* **WHAT TO PRODUCE**
The listing is to be repeated exactly, and its pictures are to be left out.

* **RECORD EXCERPTS**

● ● ● ● ●

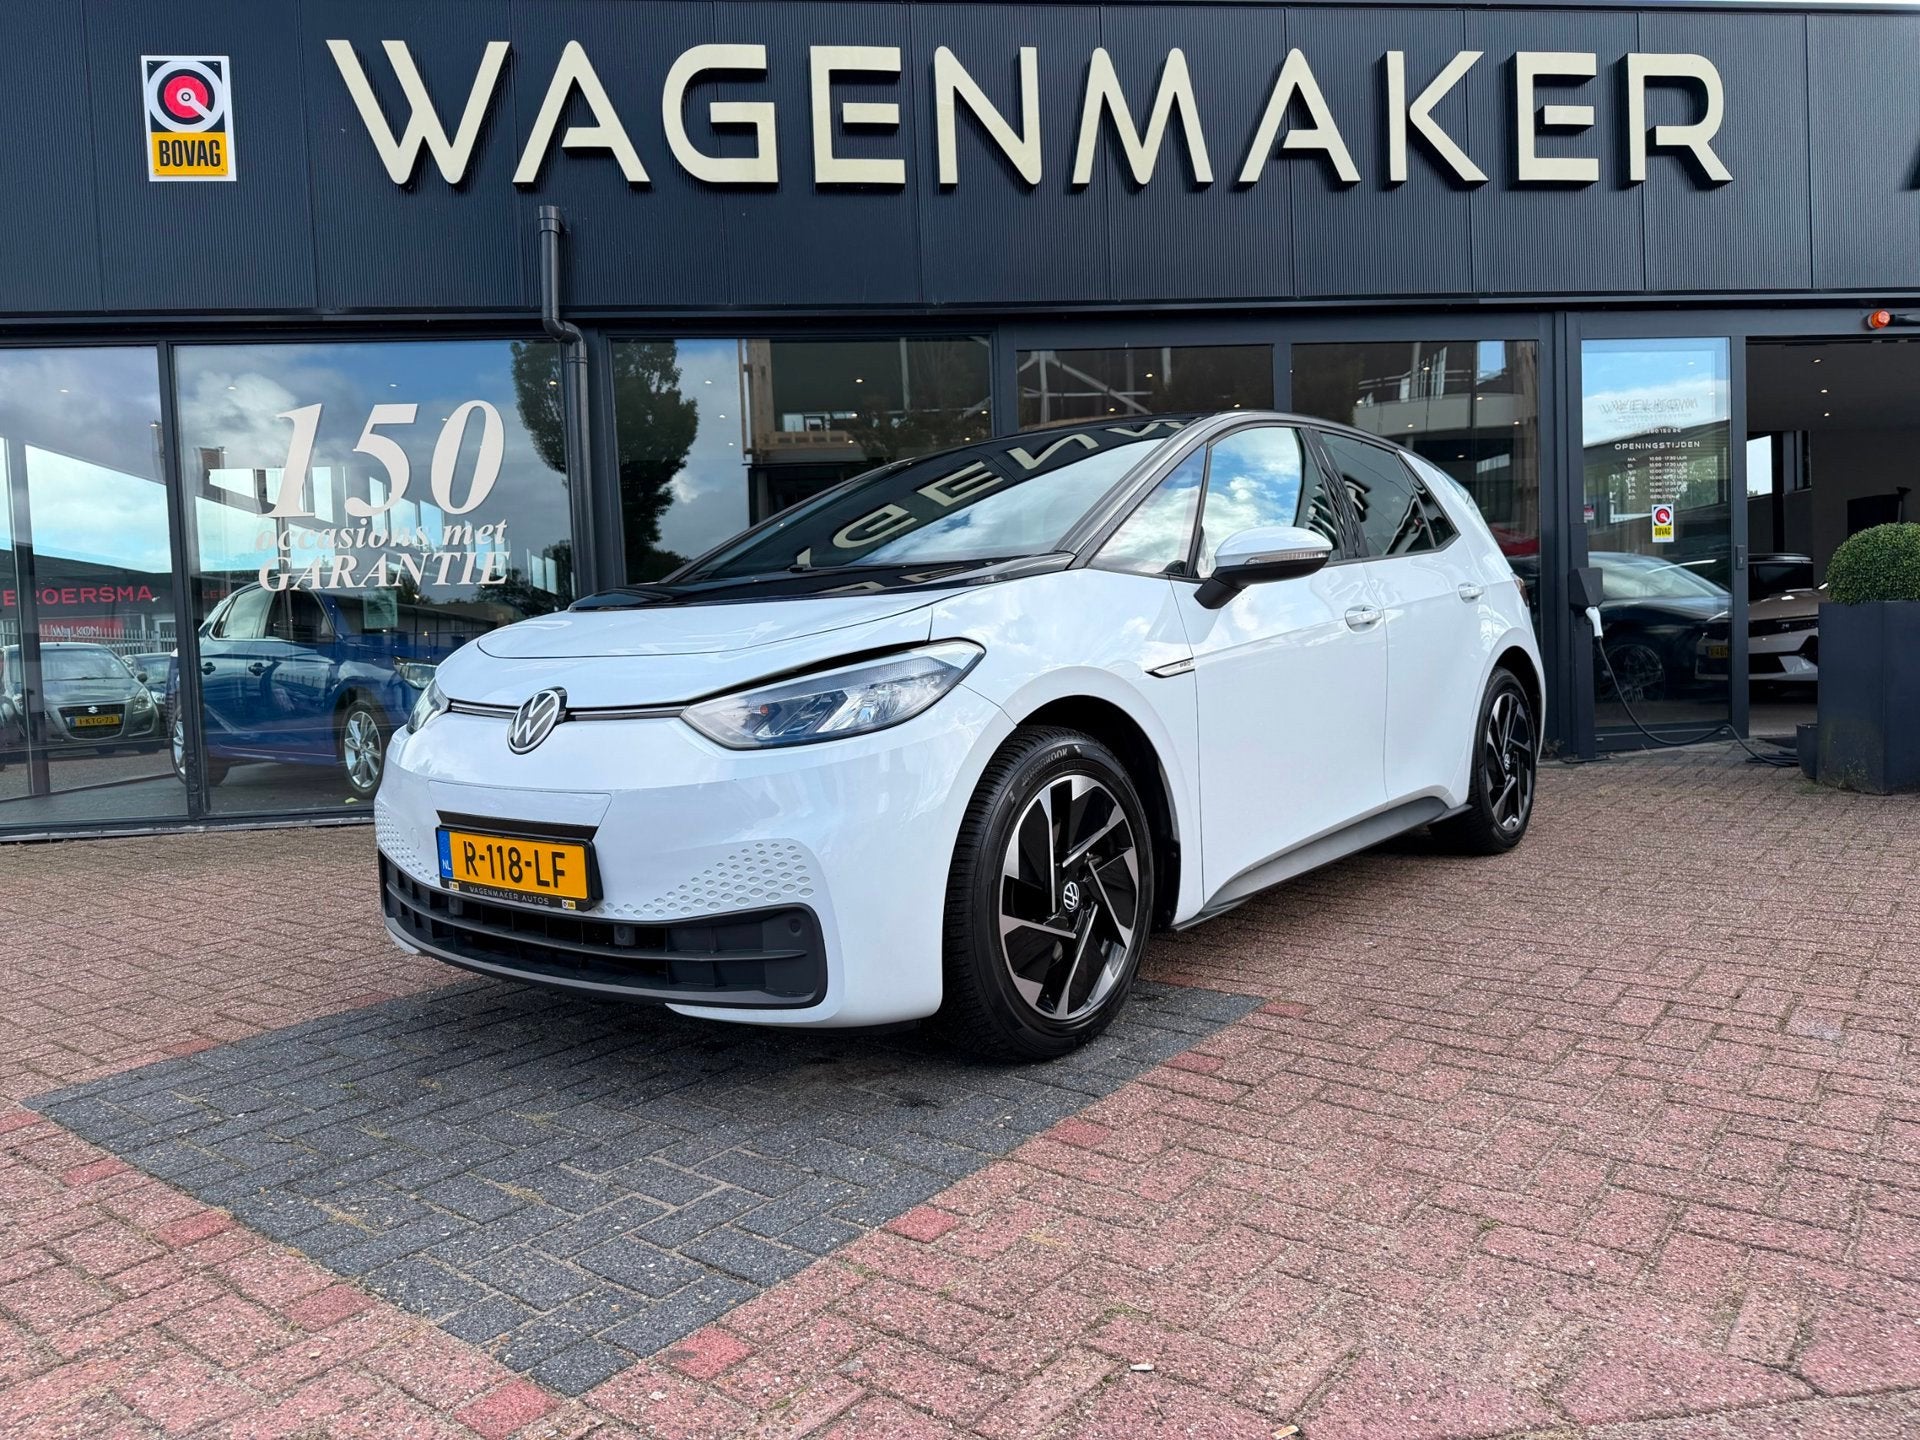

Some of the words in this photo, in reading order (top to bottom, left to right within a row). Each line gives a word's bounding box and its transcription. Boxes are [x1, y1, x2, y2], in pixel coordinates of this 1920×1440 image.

[327, 40, 1733, 187] WAGENMAKER
[158, 139, 221, 167] BOVAG
[256, 399, 506, 518] 150
[1614, 440, 1701, 450] OPENINGSTIJDEN
[254, 517, 431, 551] occasions
[441, 519, 508, 547] met
[1654, 526, 1671, 536] BOVAG
[258, 551, 511, 593] GARANTIE
[442, 859, 452, 871] NL
[463, 840, 566, 889] R-118-LF
[522, 894, 549, 905] AUTOS
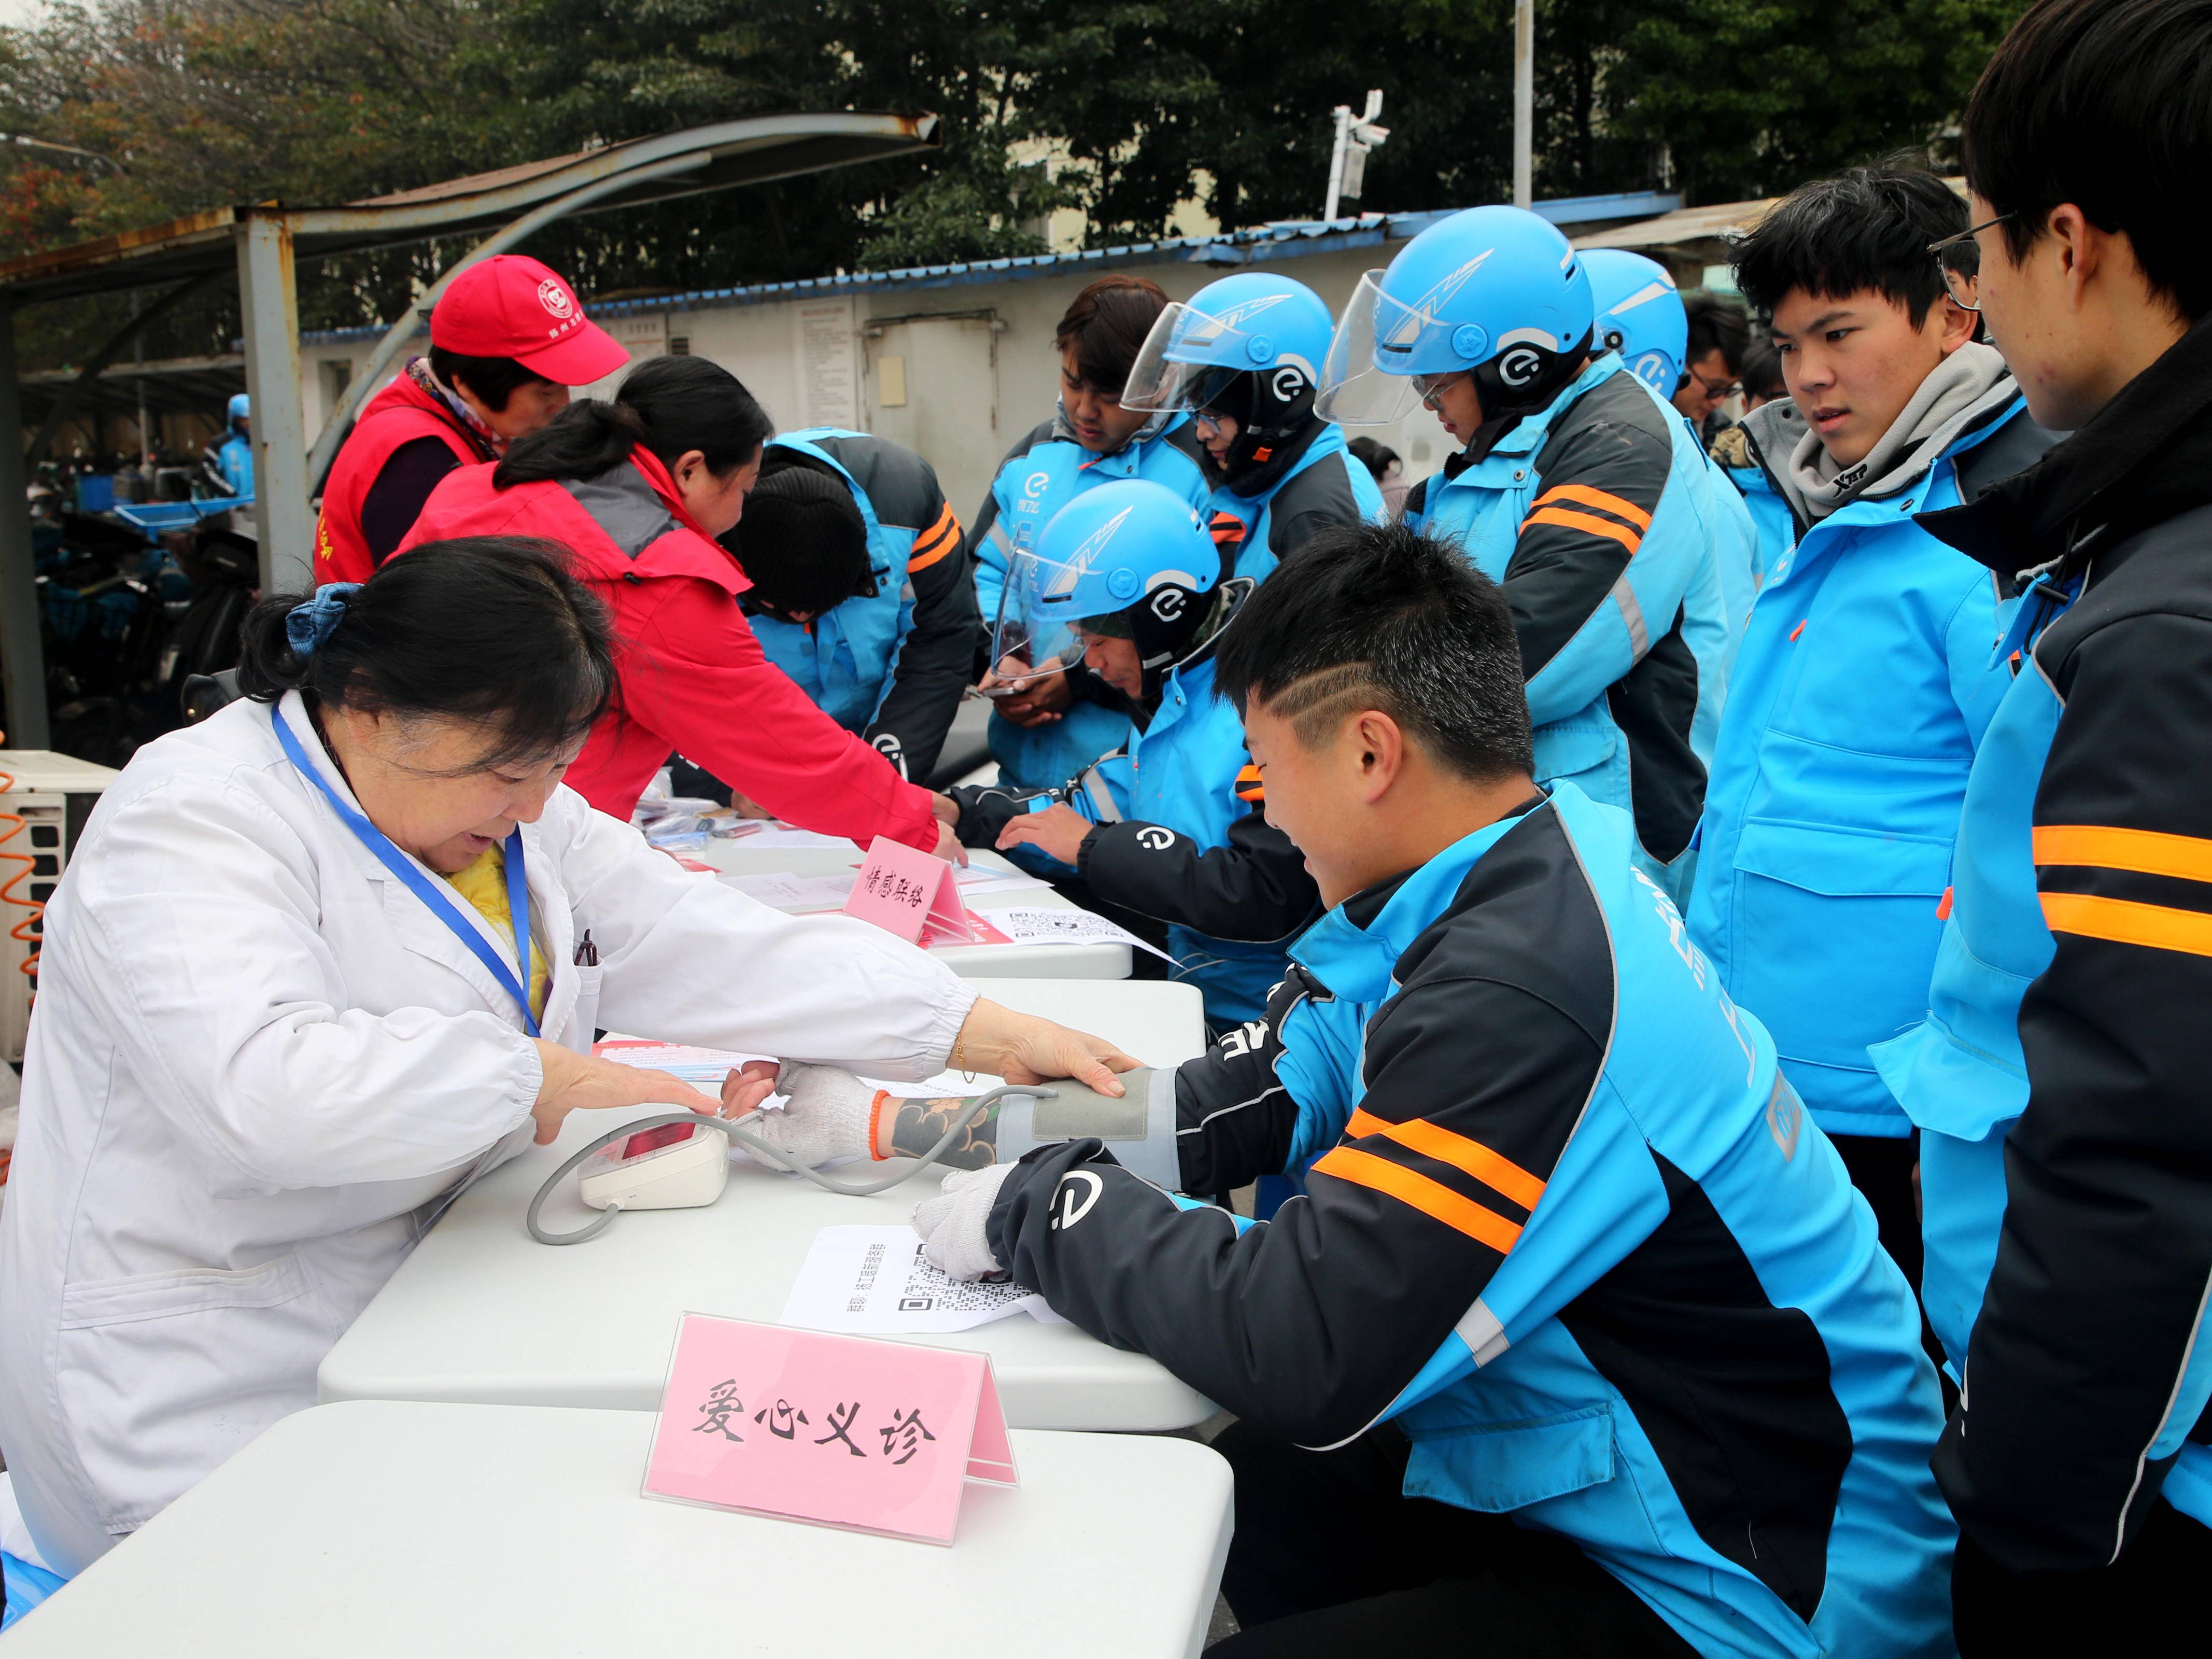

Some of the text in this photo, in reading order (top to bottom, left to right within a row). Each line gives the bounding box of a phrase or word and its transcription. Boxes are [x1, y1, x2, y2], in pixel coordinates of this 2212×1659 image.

[1833, 463, 1868, 498] XTEP
[864, 865, 923, 907] 情感联络
[692, 1379, 936, 1465] 爱心义诊

● ● ● ● ●

* **ANSWER SECTION**
Some of the words in this photo, in reading order (top to bottom, left to right within a row). Each line gives a word's bounding box and its transcription. Boxes are [x1, y1, x2, y2], in pixel coordinates of this 1920×1440 image.

[327, 40, 1733, 187] WAGENMAKER
[158, 139, 221, 167] BOVAG
[256, 399, 506, 518] 150
[1614, 440, 1701, 450] OPENINGSTIJDEN
[254, 517, 431, 551] occasions
[441, 519, 508, 547] met
[1654, 526, 1671, 536] BOVAG
[258, 551, 511, 593] GARANTIE
[442, 859, 452, 871] NL
[463, 840, 566, 889] R-118-LF
[522, 894, 549, 905] AUTOS

Some of the text in this photo, in reading order (top to bottom, left to right within a row). Each line gives the bounding box of a phrase or word and its transcription. Boxes are [x1, y1, x2, y2], in pixel coordinates of this 2212×1659 image.

[1833, 463, 1868, 498] XTEP
[864, 865, 923, 907] 情感联络
[692, 1379, 936, 1465] 爱心义诊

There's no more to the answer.